WORK TO COMPLETE
Return the records below character for character.

INPUT MATERIAL

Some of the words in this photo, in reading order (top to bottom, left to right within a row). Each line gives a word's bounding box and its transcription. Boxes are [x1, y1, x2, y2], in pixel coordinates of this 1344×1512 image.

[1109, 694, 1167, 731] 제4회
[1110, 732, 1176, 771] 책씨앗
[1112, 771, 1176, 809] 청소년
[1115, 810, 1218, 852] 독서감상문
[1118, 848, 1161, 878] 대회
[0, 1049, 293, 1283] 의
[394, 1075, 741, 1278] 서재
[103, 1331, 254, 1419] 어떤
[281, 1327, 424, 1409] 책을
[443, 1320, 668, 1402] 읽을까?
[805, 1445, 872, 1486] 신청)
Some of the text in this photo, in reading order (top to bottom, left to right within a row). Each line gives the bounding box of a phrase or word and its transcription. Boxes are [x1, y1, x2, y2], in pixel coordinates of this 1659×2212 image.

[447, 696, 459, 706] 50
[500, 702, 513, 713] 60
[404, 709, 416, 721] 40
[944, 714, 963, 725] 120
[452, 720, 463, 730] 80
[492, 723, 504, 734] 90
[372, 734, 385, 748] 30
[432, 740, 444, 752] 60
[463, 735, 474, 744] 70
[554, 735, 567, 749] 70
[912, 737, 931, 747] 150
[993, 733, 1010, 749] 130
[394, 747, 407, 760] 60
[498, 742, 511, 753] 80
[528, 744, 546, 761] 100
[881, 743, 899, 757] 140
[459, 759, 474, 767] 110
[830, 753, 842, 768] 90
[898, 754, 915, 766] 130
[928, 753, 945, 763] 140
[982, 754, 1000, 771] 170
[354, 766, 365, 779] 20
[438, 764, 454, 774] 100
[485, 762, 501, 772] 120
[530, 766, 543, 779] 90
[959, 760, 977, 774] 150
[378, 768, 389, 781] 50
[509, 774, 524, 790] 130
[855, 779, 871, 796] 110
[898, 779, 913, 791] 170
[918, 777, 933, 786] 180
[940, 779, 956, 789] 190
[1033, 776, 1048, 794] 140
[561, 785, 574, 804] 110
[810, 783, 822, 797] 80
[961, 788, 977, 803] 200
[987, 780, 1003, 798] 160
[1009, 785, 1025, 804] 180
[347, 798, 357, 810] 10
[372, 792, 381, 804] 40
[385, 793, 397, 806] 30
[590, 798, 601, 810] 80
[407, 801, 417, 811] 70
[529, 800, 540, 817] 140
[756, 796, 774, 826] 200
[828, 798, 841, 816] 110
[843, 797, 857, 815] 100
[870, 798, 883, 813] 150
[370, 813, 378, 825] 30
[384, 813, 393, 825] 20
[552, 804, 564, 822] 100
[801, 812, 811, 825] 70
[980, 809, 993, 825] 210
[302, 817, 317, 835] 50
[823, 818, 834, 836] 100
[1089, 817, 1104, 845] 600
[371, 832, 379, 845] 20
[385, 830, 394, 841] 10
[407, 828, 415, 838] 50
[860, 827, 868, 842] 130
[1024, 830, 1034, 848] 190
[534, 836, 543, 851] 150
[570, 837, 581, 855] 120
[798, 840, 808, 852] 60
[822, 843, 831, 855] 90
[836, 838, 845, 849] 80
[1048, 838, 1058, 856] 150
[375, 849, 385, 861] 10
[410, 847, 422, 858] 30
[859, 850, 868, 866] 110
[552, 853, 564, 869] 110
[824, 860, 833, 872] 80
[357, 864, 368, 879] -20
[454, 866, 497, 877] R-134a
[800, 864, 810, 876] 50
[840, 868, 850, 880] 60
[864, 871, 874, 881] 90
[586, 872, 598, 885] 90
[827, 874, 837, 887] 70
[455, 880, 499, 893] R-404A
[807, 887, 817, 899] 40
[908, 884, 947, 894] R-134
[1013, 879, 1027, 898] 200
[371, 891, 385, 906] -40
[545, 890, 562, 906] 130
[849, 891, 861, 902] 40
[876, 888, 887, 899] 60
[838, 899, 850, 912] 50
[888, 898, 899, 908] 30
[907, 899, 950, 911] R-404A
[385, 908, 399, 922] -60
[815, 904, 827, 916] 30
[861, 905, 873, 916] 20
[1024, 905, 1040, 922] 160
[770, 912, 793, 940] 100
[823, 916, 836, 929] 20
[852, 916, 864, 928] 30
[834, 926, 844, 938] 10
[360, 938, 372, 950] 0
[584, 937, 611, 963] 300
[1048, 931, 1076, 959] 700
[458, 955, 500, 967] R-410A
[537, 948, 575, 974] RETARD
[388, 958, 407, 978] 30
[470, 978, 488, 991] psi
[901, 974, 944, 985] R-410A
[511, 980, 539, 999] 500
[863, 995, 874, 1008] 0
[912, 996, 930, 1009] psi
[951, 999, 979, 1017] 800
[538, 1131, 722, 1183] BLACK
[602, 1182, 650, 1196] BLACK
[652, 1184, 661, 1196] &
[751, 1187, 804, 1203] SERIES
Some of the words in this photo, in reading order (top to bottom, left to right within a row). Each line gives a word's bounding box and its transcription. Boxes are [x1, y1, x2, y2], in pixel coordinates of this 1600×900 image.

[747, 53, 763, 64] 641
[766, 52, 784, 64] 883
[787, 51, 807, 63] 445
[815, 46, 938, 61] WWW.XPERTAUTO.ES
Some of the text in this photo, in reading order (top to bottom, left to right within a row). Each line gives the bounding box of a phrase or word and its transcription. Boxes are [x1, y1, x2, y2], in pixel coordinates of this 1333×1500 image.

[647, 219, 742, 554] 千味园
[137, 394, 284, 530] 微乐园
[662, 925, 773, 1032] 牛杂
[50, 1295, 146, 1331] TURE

REPLY TO THE TASK
Some of the words in this photo, in reading order (top to bottom, left to right within a row). Each line gives a word's bounding box and its transcription. Boxes are [x1, y1, x2, y2], in pixel coordinates of this 1344×1512 image.

[1109, 694, 1167, 731] 제4회
[1110, 732, 1176, 771] 책씨앗
[1112, 771, 1176, 809] 청소년
[1115, 810, 1218, 852] 독서감상문
[1118, 848, 1161, 878] 대회
[0, 1049, 293, 1283] 의
[394, 1075, 741, 1278] 서재
[103, 1331, 254, 1419] 어떤
[281, 1327, 424, 1409] 책을
[443, 1320, 668, 1402] 읽을까?
[805, 1445, 872, 1486] 신청)
Some of the text in this photo, in reading order (top to bottom, left to right within a row). Each line gives the bounding box of a phrase or word and its transcription. Boxes are [x1, y1, x2, y2], in pixel coordinates of this 1659×2212 image.

[447, 696, 459, 706] 50
[500, 702, 513, 713] 60
[404, 709, 416, 721] 40
[944, 714, 963, 725] 120
[452, 720, 463, 730] 80
[492, 723, 504, 734] 90
[372, 734, 385, 748] 30
[432, 740, 444, 752] 60
[463, 735, 474, 744] 70
[554, 735, 567, 749] 70
[912, 737, 931, 747] 150
[993, 733, 1010, 749] 130
[394, 747, 407, 760] 60
[498, 742, 511, 753] 80
[528, 744, 546, 761] 100
[881, 743, 899, 757] 140
[459, 759, 474, 767] 110
[830, 753, 842, 768] 90
[898, 754, 915, 766] 130
[928, 753, 945, 763] 140
[982, 754, 1000, 771] 170
[354, 766, 365, 779] 20
[438, 764, 454, 774] 100
[485, 762, 501, 772] 120
[530, 766, 543, 779] 90
[959, 760, 977, 774] 150
[378, 768, 389, 781] 50
[509, 774, 524, 790] 130
[855, 779, 871, 796] 110
[898, 779, 913, 791] 170
[918, 777, 933, 786] 180
[940, 779, 956, 789] 190
[1033, 776, 1048, 794] 140
[561, 785, 574, 804] 110
[810, 783, 822, 797] 80
[961, 788, 977, 803] 200
[987, 780, 1003, 798] 160
[1009, 785, 1025, 804] 180
[347, 798, 357, 810] 10
[372, 792, 381, 804] 40
[385, 793, 397, 806] 30
[590, 798, 601, 810] 80
[407, 801, 417, 811] 70
[529, 800, 540, 817] 140
[756, 796, 774, 826] 200
[828, 798, 841, 816] 110
[843, 797, 857, 815] 100
[870, 798, 883, 813] 150
[370, 813, 378, 825] 30
[384, 813, 393, 825] 20
[552, 804, 564, 822] 100
[801, 812, 811, 825] 70
[980, 809, 993, 825] 210
[302, 817, 317, 835] 50
[823, 818, 834, 836] 100
[1089, 817, 1104, 845] 600
[371, 832, 379, 845] 20
[385, 830, 394, 841] 10
[407, 828, 415, 838] 50
[860, 827, 868, 842] 130
[1024, 830, 1034, 848] 190
[534, 836, 543, 851] 150
[570, 837, 581, 855] 120
[798, 840, 808, 852] 60
[822, 843, 831, 855] 90
[836, 838, 845, 849] 80
[1048, 838, 1058, 856] 150
[375, 849, 385, 861] 10
[410, 847, 422, 858] 30
[859, 850, 868, 866] 110
[552, 853, 564, 869] 110
[824, 860, 833, 872] 80
[357, 864, 368, 879] -20
[454, 866, 497, 877] R-134a
[800, 864, 810, 876] 50
[840, 868, 850, 880] 60
[864, 871, 874, 881] 90
[586, 872, 598, 885] 90
[827, 874, 837, 887] 70
[455, 880, 499, 893] R-404A
[807, 887, 817, 899] 40
[908, 884, 947, 894] R-134
[1013, 879, 1027, 898] 200
[371, 891, 385, 906] -40
[545, 890, 562, 906] 130
[849, 891, 861, 902] 40
[876, 888, 887, 899] 60
[838, 899, 850, 912] 50
[888, 898, 899, 908] 30
[907, 899, 950, 911] R-404A
[385, 908, 399, 922] -60
[815, 904, 827, 916] 30
[861, 905, 873, 916] 20
[1024, 905, 1040, 922] 160
[770, 912, 793, 940] 100
[823, 916, 836, 929] 20
[852, 916, 864, 928] 30
[834, 926, 844, 938] 10
[360, 938, 372, 950] 0
[584, 937, 611, 963] 300
[1048, 931, 1076, 959] 700
[458, 955, 500, 967] R-410A
[537, 948, 575, 974] RETARD
[388, 958, 407, 978] 30
[470, 978, 488, 991] psi
[901, 974, 944, 985] R-410A
[511, 980, 539, 999] 500
[863, 995, 874, 1008] 0
[912, 996, 930, 1009] psi
[951, 999, 979, 1017] 800
[538, 1131, 722, 1183] BLACK
[602, 1182, 650, 1196] BLACK
[652, 1184, 661, 1196] &
[751, 1187, 804, 1203] SERIES
Some of the words in this photo, in reading order (top to bottom, left to right within a row). Each line gives a word's bounding box and its transcription. Boxes are [x1, y1, x2, y2], in pixel coordinates of this 1600×900 image.

[747, 53, 763, 64] 641
[766, 52, 784, 64] 883
[787, 51, 807, 63] 445
[815, 46, 938, 61] WWW.XPERTAUTO.ES
Some of the text in this photo, in reading order (top to bottom, left to right within a row). Each line gives the bounding box of a phrase or word and its transcription. Boxes are [x1, y1, x2, y2], in pixel coordinates of this 1333×1500 image.

[647, 219, 742, 554] 千味园
[137, 394, 284, 530] 微乐园
[662, 925, 773, 1032] 牛杂
[50, 1295, 146, 1331] TURE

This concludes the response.